Каждый раз после поездки, поставив машину на стоянку, а с недавних пор в кирпичный гараж-коробок на пустыре, придя домой, отец подробно, с каким-то даже сладострастием перечислял неисправности.
Казалось бы, дело за малым: взять да наведаться в автосервис. Однако отвращение к автосервису пересиливало у отца страх ездить на неисправной машине. «Автосервис без блата, — сказал как-то отец, — ещё хуже, чем социализм без привилегий». — «А ну как встанешь, скажем, в туннеле под площадью Маяковского?» — спросил Леон. «Будут орать, — вздохнул отец, — будут оскорблять, но, по крайней мере, за дело. Когда у нас оскорбляют за дело, значит, уважают, считают за человека. Это звучит как музыка».
Таким образом, отец позорно капитулировал перед автосервисом, малодушно бежал от здравого смысла. То был путь миллионов. Суть происходящих в стране событий, казалось, заключалась в определении рубежа, до которого эти самые миллионы готовы позорно капитулировать, малодушно бежать. Пока что рубеж был (если вообще был) за горизонтом.
В середине мая, доставив Леона из больницы домой, отец заявил, что машине конец: засорился карбюратор, сгнил бензонасос, выходит из строя электронный блочок зажигания, которого днём с огнём.
Несколько дней отец не ездил, пытался дозвониться в автосервис, естественно, безуспешно. Бывалые люди советовали отправиться туда к пяти утра, но предупреждали, что можно неделями ездить к пяти утра и всё равно не попасть.
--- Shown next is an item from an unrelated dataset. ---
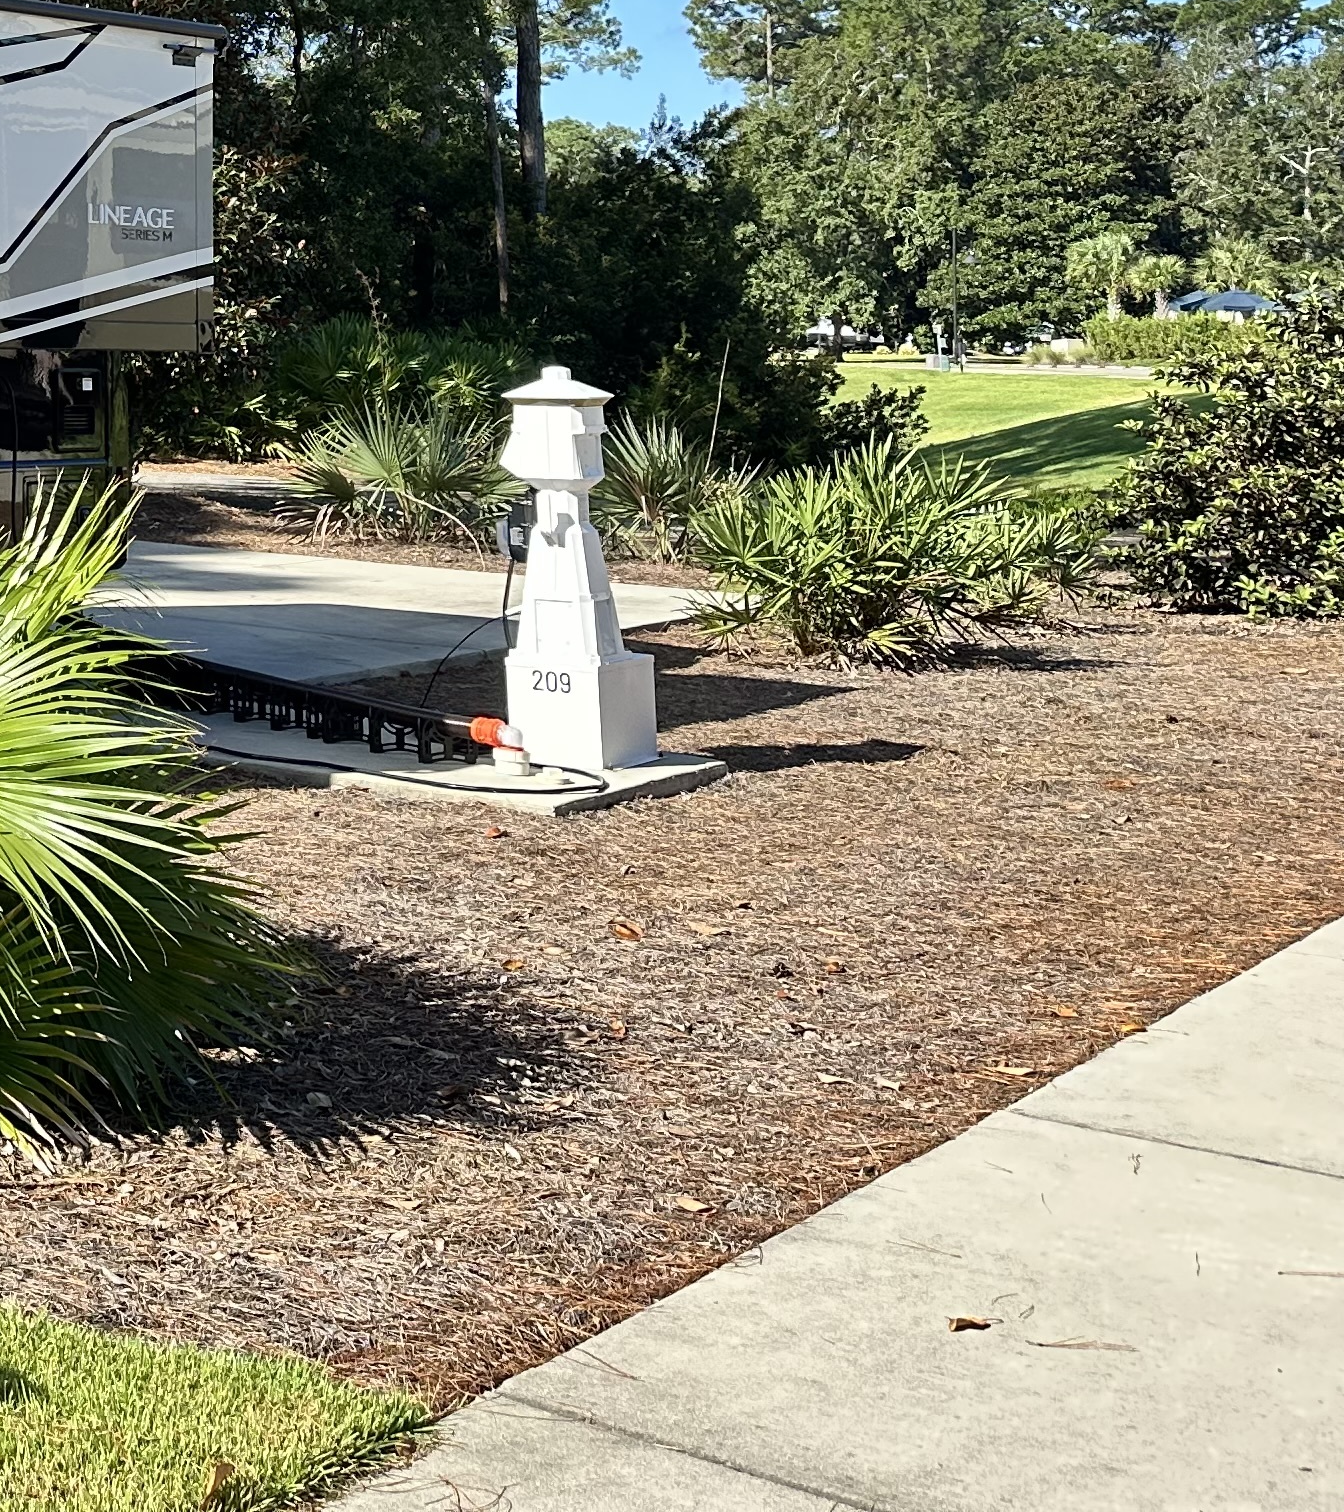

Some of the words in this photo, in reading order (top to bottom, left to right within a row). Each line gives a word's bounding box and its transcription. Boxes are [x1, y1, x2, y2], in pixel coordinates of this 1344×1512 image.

Тут как раз приспела повестка из районного ГАИ. Оказывается, машина два года не была на техосмотре. ГАИ грозило штрафом. Пройти техосмотр в ГАИ было невозможно, потому что невозможно было попасть в автосервис и исправить машину. «Невозможно» представлялось единым и неделимым, как Россия в безумных мечтах белогвардейцев.
Отец впал в безысходную ярость, сравнимую со знаменитым гневом Ахиллеса, Пелеева сына. Вновь начал ездить на неисправной машине, одной лишь силой гнева преодолевая неисправности.
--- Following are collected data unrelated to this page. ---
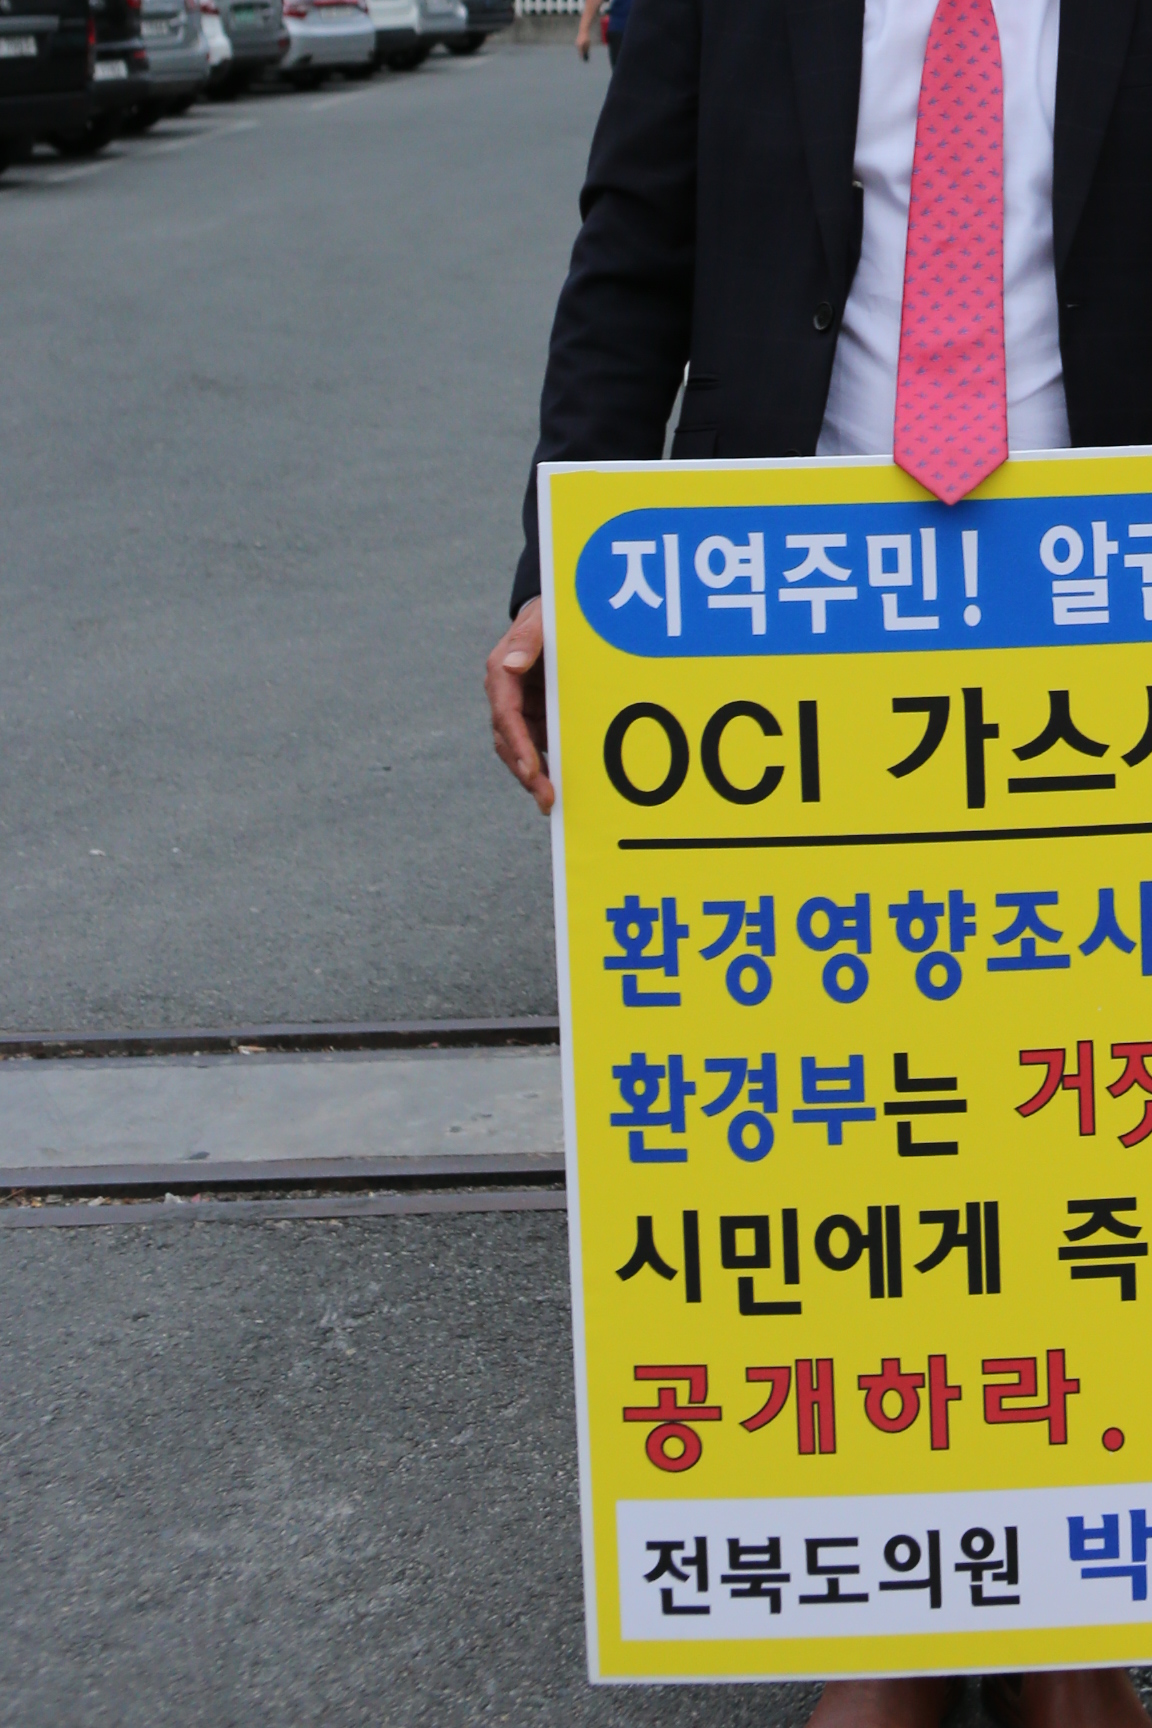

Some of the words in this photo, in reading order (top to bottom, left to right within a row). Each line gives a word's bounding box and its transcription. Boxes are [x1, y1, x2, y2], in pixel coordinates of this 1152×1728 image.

[610, 528, 980, 635] 지역주민!
[603, 700, 820, 807] OCI
[610, 1052, 967, 1163] 환경부는
[615, 1201, 1001, 1316] 시민에게
[622, 1349, 1125, 1473] 공개하라.
[645, 1527, 1020, 1615] 전북도의원
Так, впрочем, ездил едва ли не каждый второй советский автовладелец.
«Где два года, там и три. Бог троицу любит, — определился отец насчёт ГАИ. — Прижмут, скажу, работал в Антарктиде, только вернулся, что они меня, посадят? Может, уже и не будет скоро никакого ГАИ».
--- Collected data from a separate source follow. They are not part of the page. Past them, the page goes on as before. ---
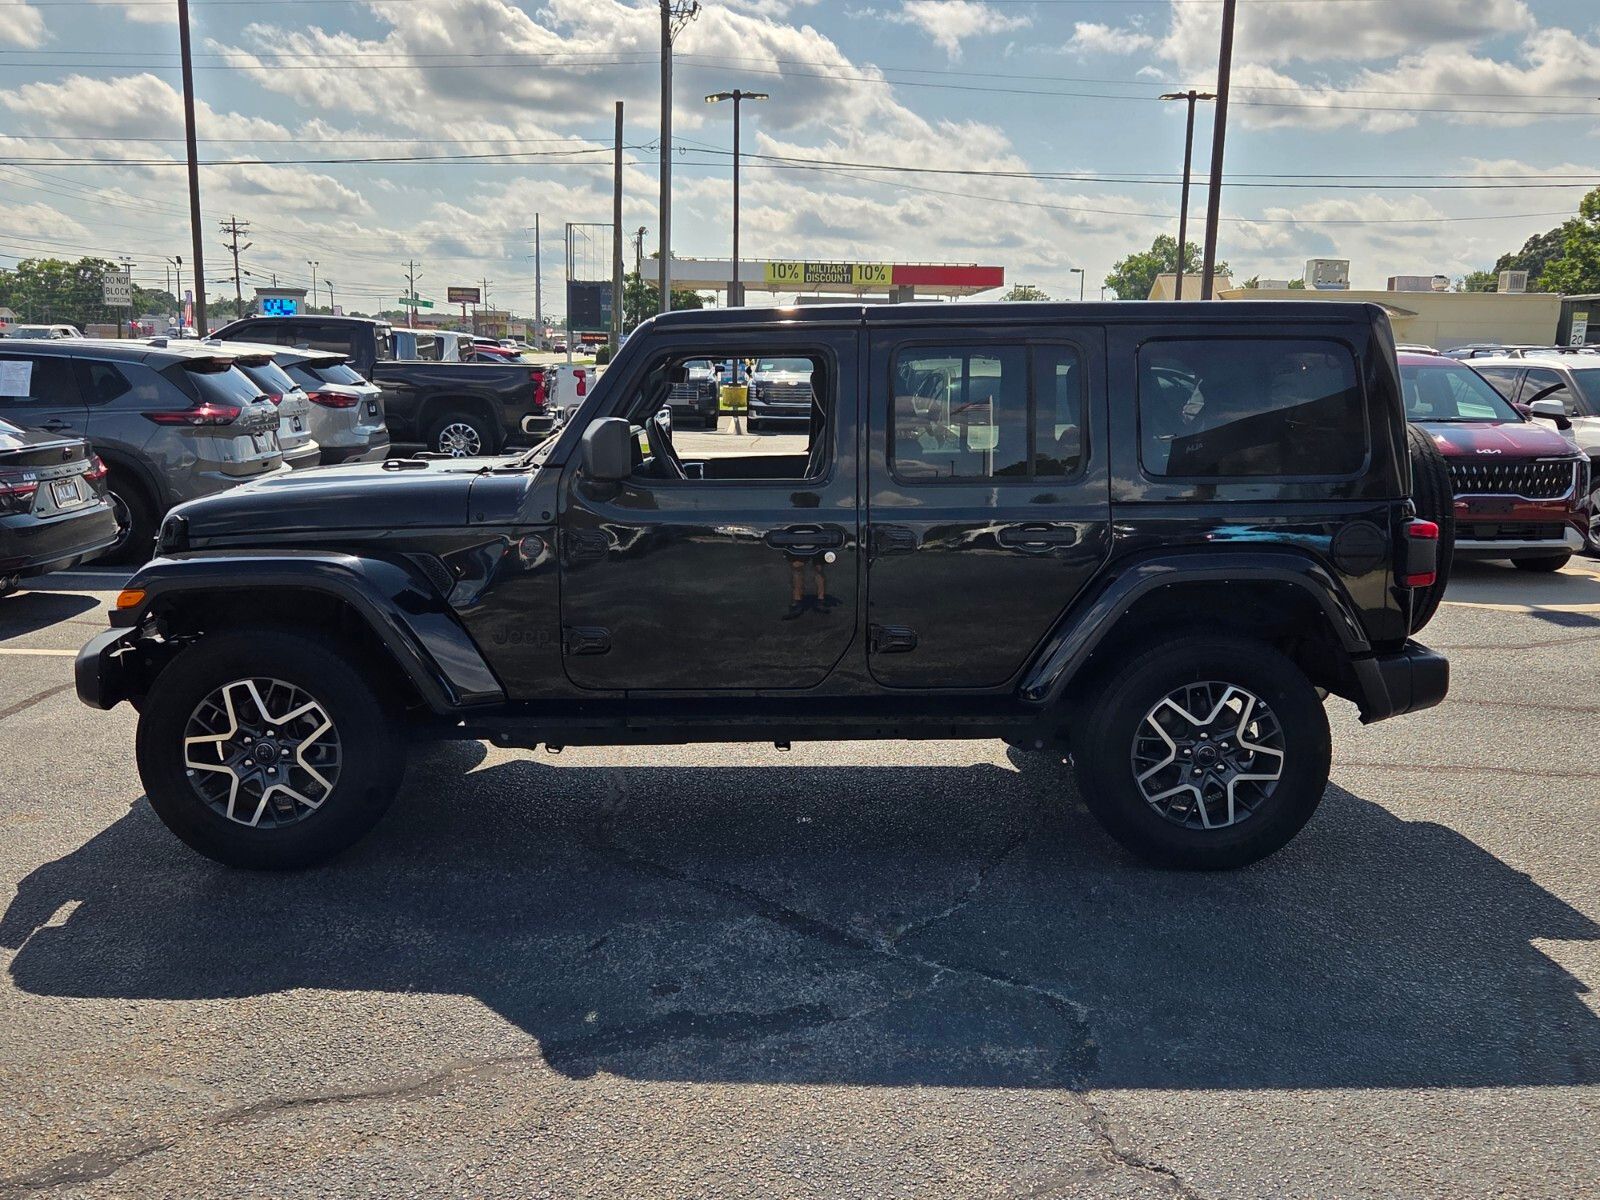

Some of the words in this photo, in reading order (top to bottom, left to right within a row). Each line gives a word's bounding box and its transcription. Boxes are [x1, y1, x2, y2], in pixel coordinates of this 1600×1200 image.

[771, 263, 799, 279] 10%
[808, 264, 848, 274] MILITARY
[858, 265, 886, 281] 10%
[105, 276, 115, 284] DO
[116, 276, 129, 285] NOT
[806, 273, 851, 283] DISCOUNT!
[105, 287, 130, 296] BLOCK
[1571, 334, 1583, 345] 20
[23, 473, 37, 481] ALM
[58, 484, 77, 498] ALM
[492, 624, 551, 648] Jeep
Схожим явилось и решение, точнее, нерешение относительно автосервиса. Пока машина ездит, пусть себе ездит, что с того, что часто глохнет, у других ещё чаще глохнет, и ничего, ездят люди, да и реже стала глохнуть, сама, видать, исправляется.
Иррациональная вера в самоустранение неисправностей, чудотворную природу мотора оставалась уделом едва ли не каждого второго советского автовладельца.
А между тем время дальней поездки настало скоро, а именно первого июня, когда Леон, благополучно закончив восьмой класс, перешёл, освободившись по состоянию здоровья от экзаменов, в девятый.
Надо было куда-то ехать из бесхлебной, жаркой и вонючей Москвы.
Собственная — на шести сотках в Тульской области — дача строилась десятый год. Пока что «строительство» выразилось в том, что посреди их овражистого участка вырыли за триста пятьдесят (это ещё когда!) глубокий котлован под фундамент, который немедленно до краёв наполнился водой.
Весной вода заливала весь участок вместе с оврагом, и смотреть, как идёт «строительство», приходилось с сухого пригорка издали. Летом вода в котловане изумрудно цвела, в ней угадывалась простейшая жизнь. Осенью по поверхности плавали флотилии красных и жёлтых листьев, подмёрзшие берега хранили слепки птичьих лап и звериных копыт. Зимой все шесть соток представляли из себя плохо залитый шишковатый неосвещённый (если только луной) каток. «Может, что-то изменилось в дачной политике? — спросила однажды мать. — И мы уже не садоводы, а рыбоводы? Вдруг нам надо разводить карпов, а мы не знаем?» На других участках дела обстояли примерно так же. Только светился трёхэтажный с башнями дворец председателя садоводческого товарищества, которое так и называлось «Товарищ».